Los dioses guardianes

Barbara Wood

Fragmento

Egipto: El presente

EGIPTO: EL PRESENTE

Se detuvo en el oscuro corredor para secarse el sudor de los ojos y pensó: «De modo que morir es eso...».

Había hecho un buen trecho a rastras, utilizando el brazo sano, medio reptando, medio deslizándose hacia el fondo de un pozo que medía treinta metros, y estaba seguro, sin tener que recurrir a una linterna, de que se hallaba cerca de la antesala; el aire olía a rancio.

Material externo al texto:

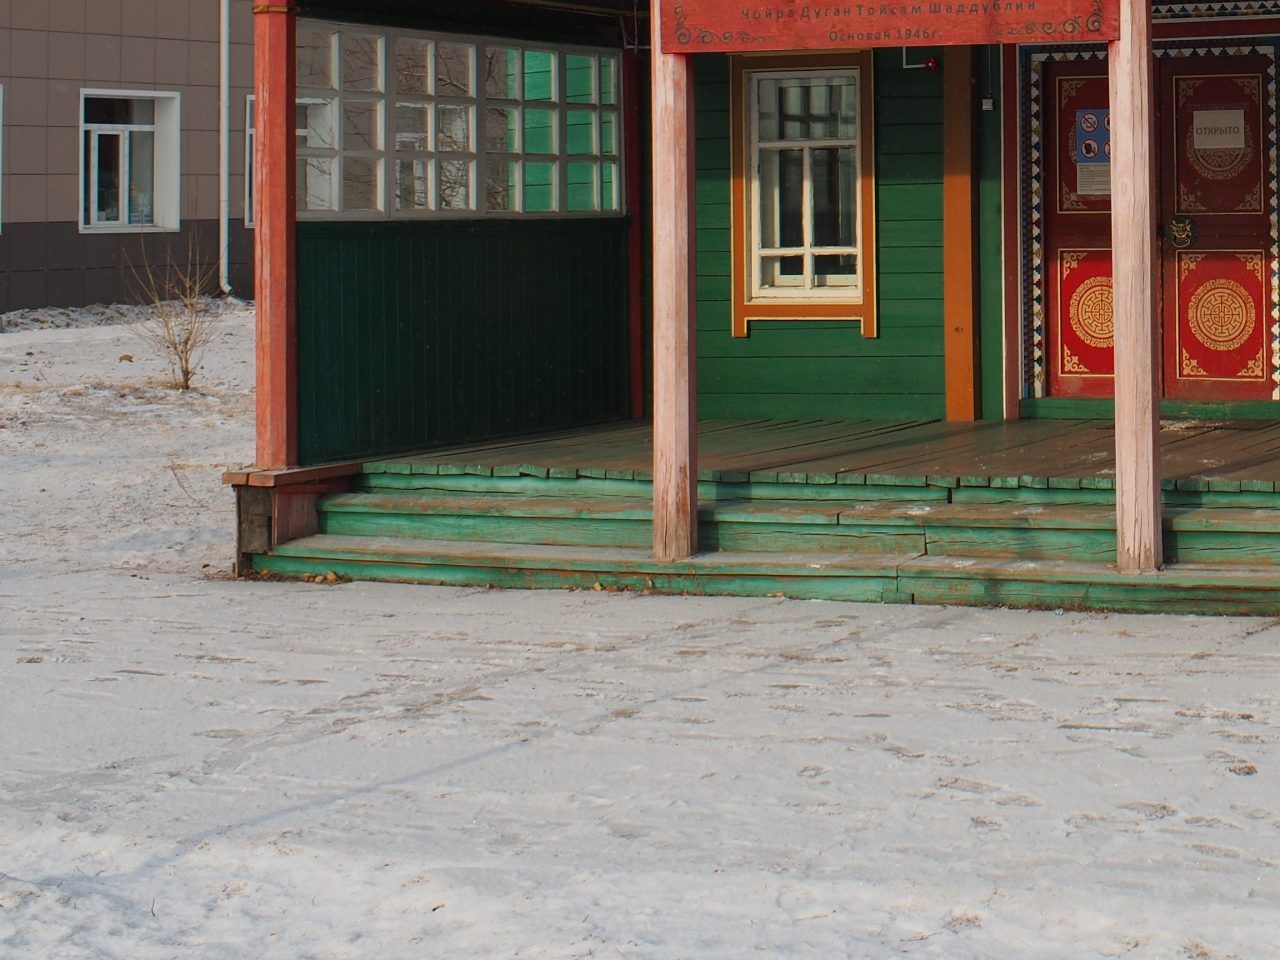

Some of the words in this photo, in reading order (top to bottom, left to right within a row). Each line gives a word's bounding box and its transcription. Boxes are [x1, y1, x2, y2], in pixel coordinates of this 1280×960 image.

Se hallaba tumbado boca abajo, el sudor iba goteando en su frente y notaba un agudo dolor en el hombro derecho, donde le habían acuchillado el brazo. La extremidad ahora colgaba, pues el hueso estaba prácticamente partido, y de vez en cuando rozaba las paredes de toscos cantos del estrecho pozo. Era el único que quedaba de la expedición; los otros seis habían muerto. Era el último miembro vivo, y consciente de que le quedaba poco tiempo. Iba a morir, a soportar una larga agonía, pero no le importaba. Lo único que tenía importancia para él en aquel momento, antes de que los demonios lo agarraran, era llegar a los ataúdes. Luego todo habría acabado.

Consciente de que se iba acabando el tiempo, apretó rabiosamente los dientes, se apoyó en el brazo sano y cubrió a rastras los últimos metros.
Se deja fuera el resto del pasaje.